[Images for object localization]
***

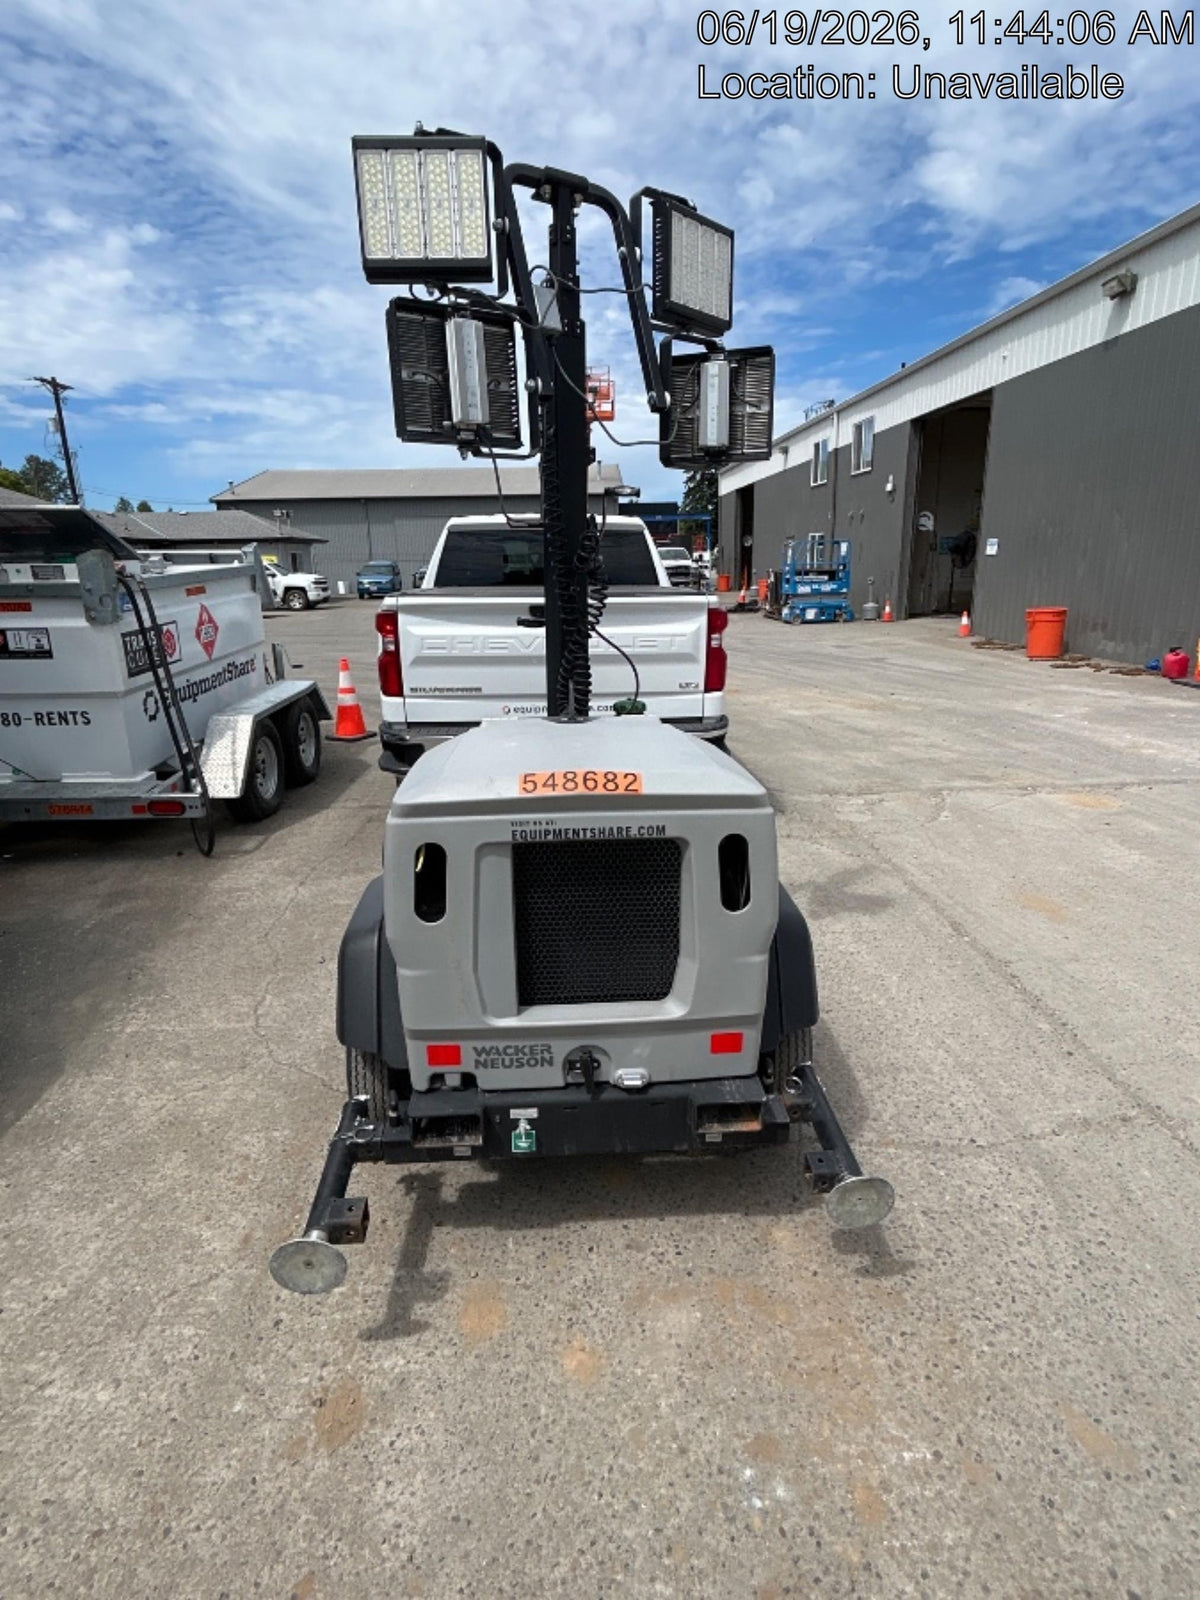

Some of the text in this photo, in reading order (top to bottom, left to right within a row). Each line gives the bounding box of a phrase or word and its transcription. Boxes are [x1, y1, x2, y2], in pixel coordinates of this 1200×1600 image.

[419, 634, 688, 654] CHEVLET
[521, 770, 639, 794] 548682
[511, 824, 667, 842] EQUIPMENTSHARE.COM
[472, 1043, 554, 1057] WACKER
[474, 1055, 554, 1070] NEUSON
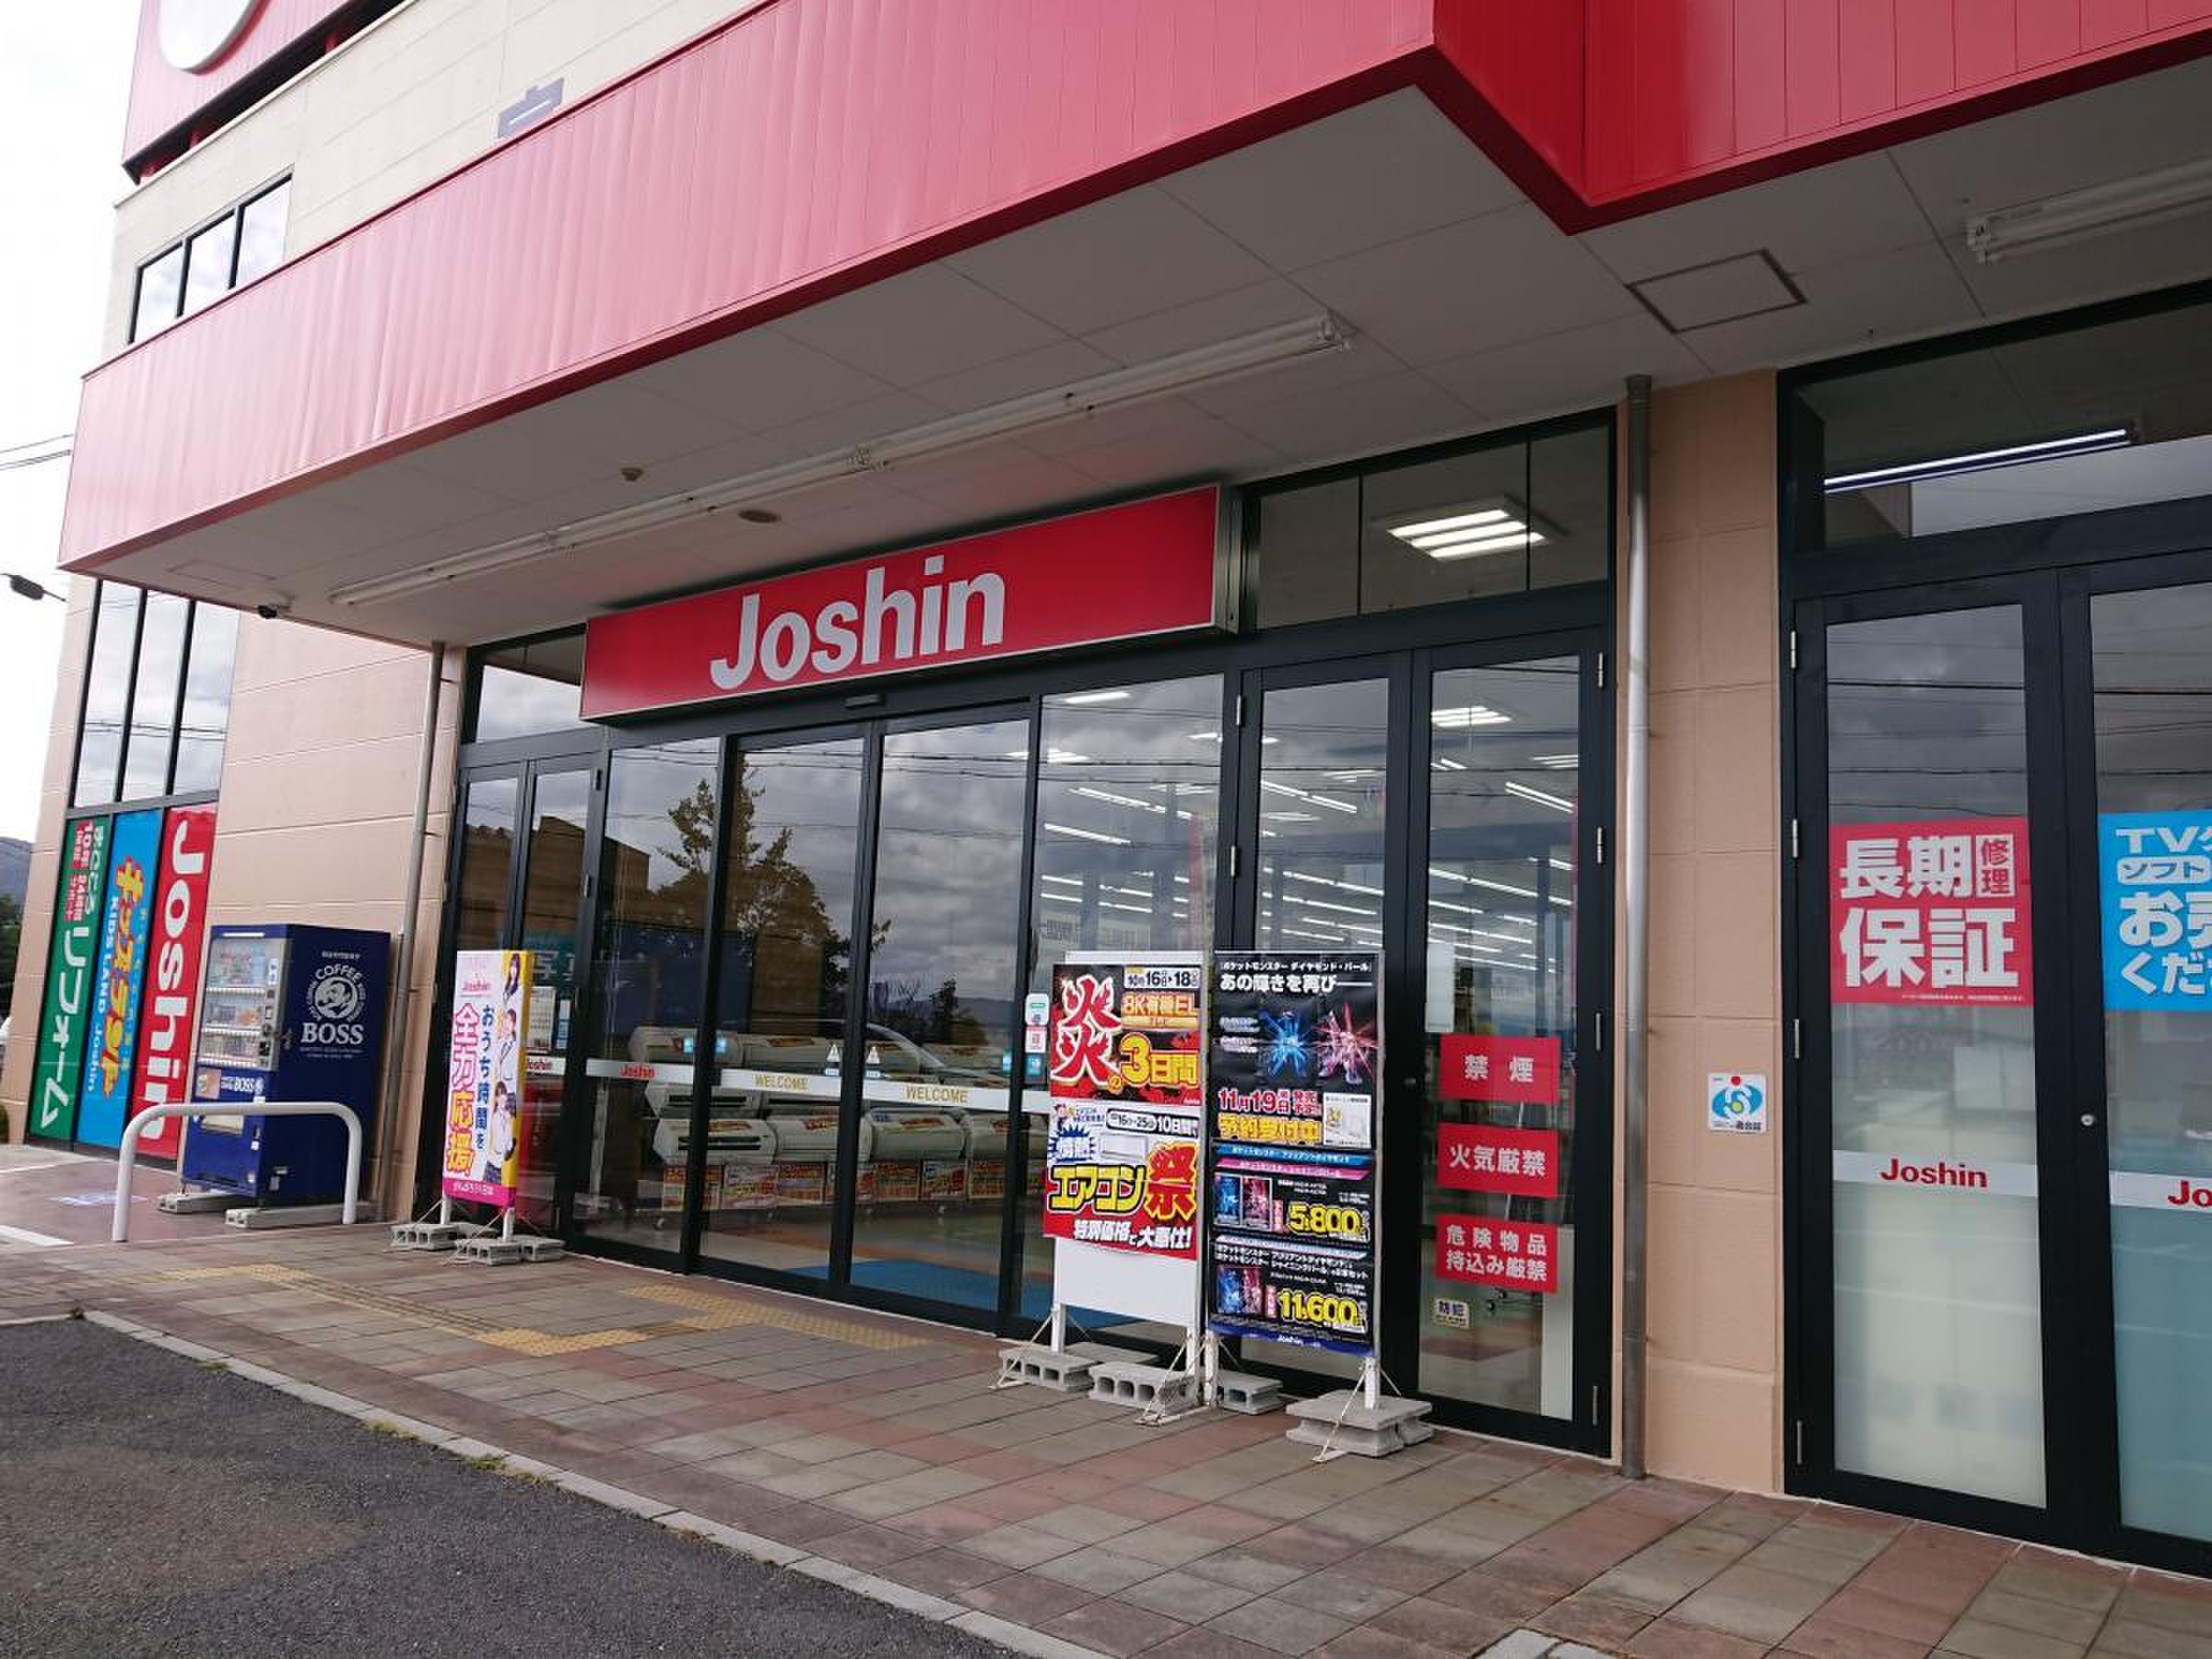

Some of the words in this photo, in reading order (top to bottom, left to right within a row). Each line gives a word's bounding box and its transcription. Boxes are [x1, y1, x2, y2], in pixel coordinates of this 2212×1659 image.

[710, 555, 1006, 690] Joshin
[1839, 834, 1972, 899] 長期
[1980, 837, 2011, 895] 修理
[2123, 861, 2206, 880] ソフト
[105, 896, 121, 954] KIDS
[1839, 907, 2019, 989] 保証
[97, 954, 113, 1015] LAND
[100, 854, 146, 1098] キッズランド
[140, 820, 206, 1140] Joshin
[314, 963, 363, 983] COFFEE
[41, 925, 90, 1129] リフォーム
[300, 1022, 364, 1044] BOSS
[88, 1020, 104, 1092] Joshin
[475, 1005, 495, 1150] おうち時間を
[1464, 1053, 1535, 1083] 禁煙
[754, 1074, 810, 1092] WELCOME
[905, 1085, 970, 1104] WELCOME
[1449, 1144, 1546, 1177] 火気厳禁
[1879, 1158, 1988, 1188] Joshin
[2168, 1180, 2212, 1207] Jo
[1446, 1224, 1547, 1256] 危険物品
[1445, 1250, 1547, 1282] 持込み厳禁

***

# ACTIVITY:
Retype the lines above exactly, no pictures.

# SOLVED EXERCISE:
Some of the text in this photo, in reading order (top to bottom, left to right within a row). Each line gives the bounding box of a phrase or word and its transcription. Boxes are [x1, y1, x2, y2], in pixel coordinates of this 1200×1600 image.

[419, 634, 688, 654] CHEVLET
[521, 770, 639, 794] 548682
[511, 824, 667, 842] EQUIPMENTSHARE.COM
[472, 1043, 554, 1057] WACKER
[474, 1055, 554, 1070] NEUSON

Some of the words in this photo, in reading order (top to bottom, left to right within a row). Each line gives a word's bounding box and its transcription. Boxes are [x1, y1, x2, y2], in pixel coordinates of this 2212×1659 image.

[710, 555, 1006, 690] Joshin
[1839, 834, 1972, 899] 長期
[1980, 837, 2011, 895] 修理
[2123, 861, 2206, 880] ソフト
[105, 896, 121, 954] KIDS
[1839, 907, 2019, 989] 保証
[97, 954, 113, 1015] LAND
[100, 854, 146, 1098] キッズランド
[140, 820, 206, 1140] Joshin
[314, 963, 363, 983] COFFEE
[41, 925, 90, 1129] リフォーム
[300, 1022, 364, 1044] BOSS
[88, 1020, 104, 1092] Joshin
[475, 1005, 495, 1150] おうち時間を
[1464, 1053, 1535, 1083] 禁煙
[754, 1074, 810, 1092] WELCOME
[905, 1085, 970, 1104] WELCOME
[1449, 1144, 1546, 1177] 火気厳禁
[1879, 1158, 1988, 1188] Joshin
[2168, 1180, 2212, 1207] Jo
[1446, 1224, 1547, 1256] 危険物品
[1445, 1250, 1547, 1282] 持込み厳禁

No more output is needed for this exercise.